> [Work required]
Leave out the pictures and copy the remaining records exactly.
=== Task material ===
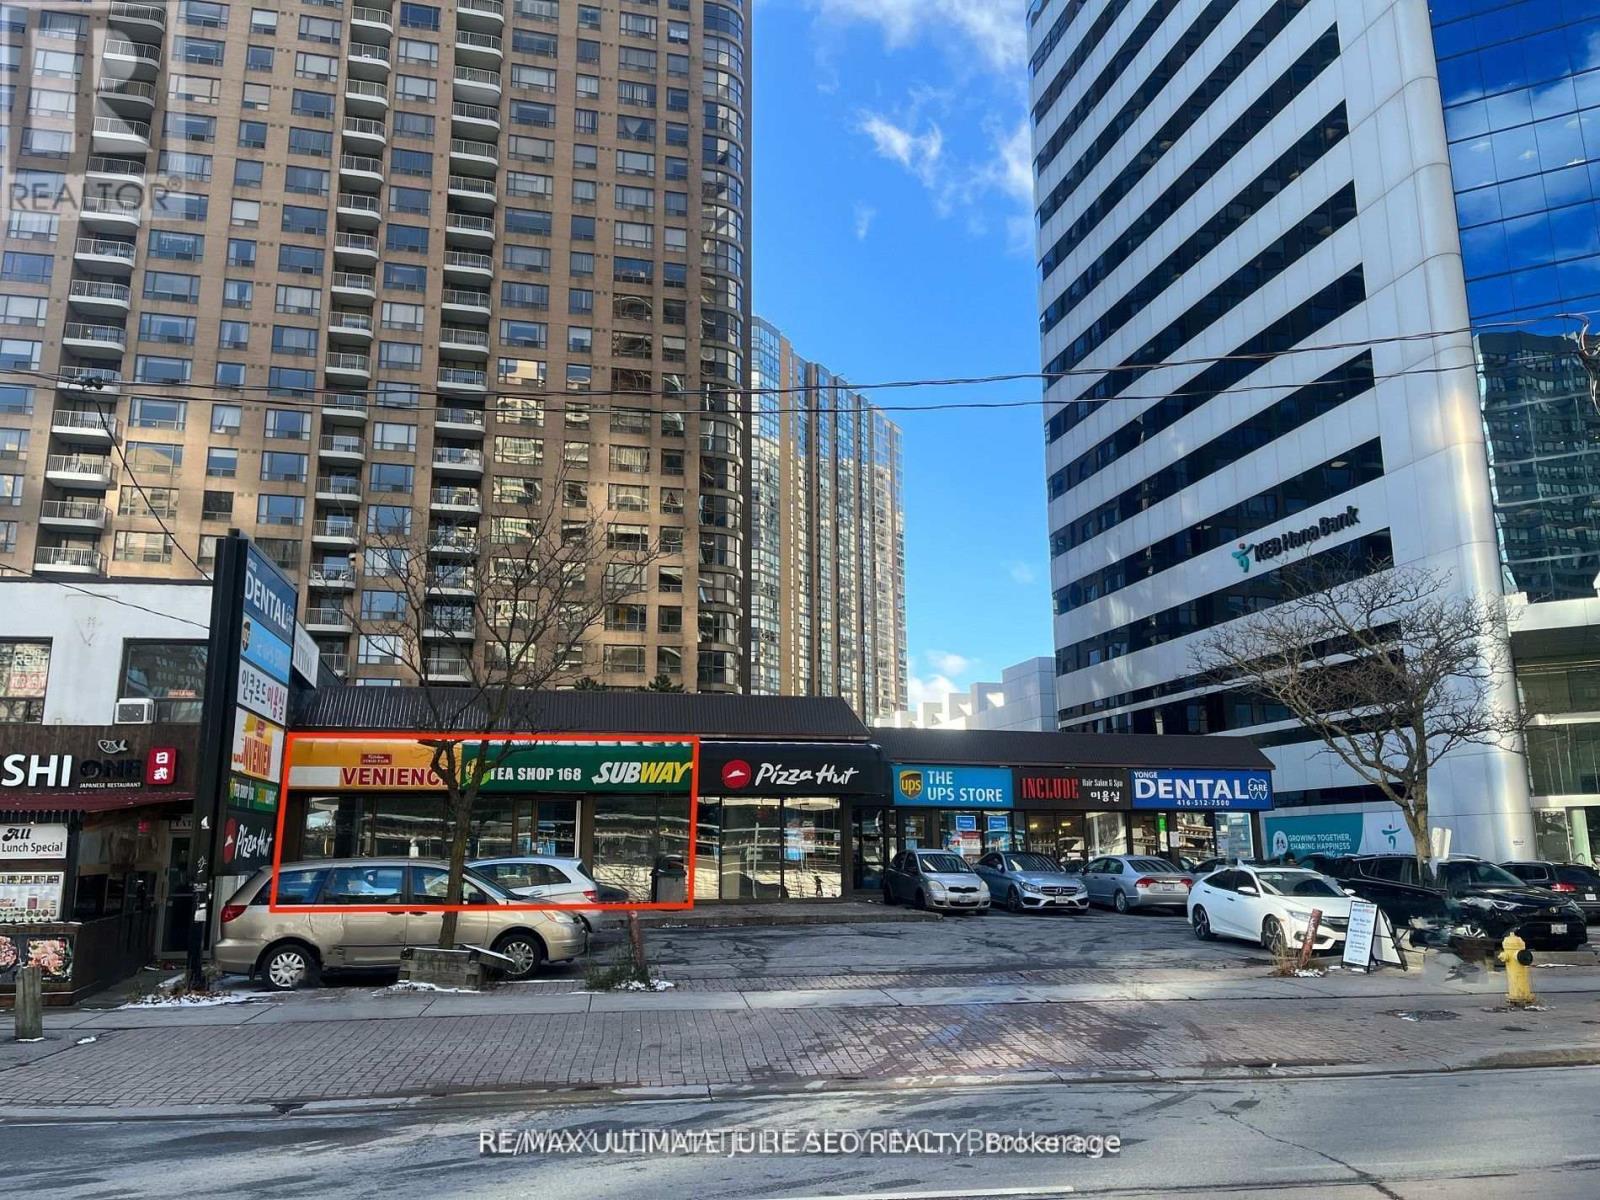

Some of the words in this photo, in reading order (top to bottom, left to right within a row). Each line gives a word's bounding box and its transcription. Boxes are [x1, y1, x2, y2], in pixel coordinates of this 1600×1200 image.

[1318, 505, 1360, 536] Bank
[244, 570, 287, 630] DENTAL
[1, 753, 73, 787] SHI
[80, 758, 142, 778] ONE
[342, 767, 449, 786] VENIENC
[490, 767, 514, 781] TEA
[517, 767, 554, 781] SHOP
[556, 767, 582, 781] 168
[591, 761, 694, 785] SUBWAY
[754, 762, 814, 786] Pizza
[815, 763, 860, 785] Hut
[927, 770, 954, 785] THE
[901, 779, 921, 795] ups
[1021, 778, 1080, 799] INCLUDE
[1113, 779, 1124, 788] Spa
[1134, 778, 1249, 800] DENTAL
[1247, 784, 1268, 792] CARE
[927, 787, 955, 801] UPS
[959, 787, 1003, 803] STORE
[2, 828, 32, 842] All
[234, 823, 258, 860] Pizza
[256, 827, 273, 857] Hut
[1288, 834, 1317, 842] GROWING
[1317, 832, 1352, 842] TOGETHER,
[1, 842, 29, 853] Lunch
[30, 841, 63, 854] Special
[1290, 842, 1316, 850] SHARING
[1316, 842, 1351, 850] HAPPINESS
===
> [Response below]
Some of the words in this photo, in reading order (top to bottom, left to right within a row). Each line gives a word's bounding box and its transcription. Boxes are [x1, y1, x2, y2], in pixel coordinates of this 1600×1200 image.

[1318, 505, 1360, 536] Bank
[244, 570, 287, 630] DENTAL
[1, 753, 73, 787] SHI
[80, 758, 142, 778] ONE
[342, 767, 449, 786] VENIENC
[490, 767, 514, 781] TEA
[517, 767, 554, 781] SHOP
[556, 767, 582, 781] 168
[591, 761, 694, 785] SUBWAY
[754, 762, 814, 786] Pizza
[815, 763, 860, 785] Hut
[927, 770, 954, 785] THE
[901, 779, 921, 795] ups
[1021, 778, 1080, 799] INCLUDE
[1113, 779, 1124, 788] Spa
[1134, 778, 1249, 800] DENTAL
[1247, 784, 1268, 792] CARE
[927, 787, 955, 801] UPS
[959, 787, 1003, 803] STORE
[2, 828, 32, 842] All
[234, 823, 258, 860] Pizza
[256, 827, 273, 857] Hut
[1288, 834, 1317, 842] GROWING
[1317, 832, 1352, 842] TOGETHER,
[1, 842, 29, 853] Lunch
[30, 841, 63, 854] Special
[1290, 842, 1316, 850] SHARING
[1316, 842, 1351, 850] HAPPINESS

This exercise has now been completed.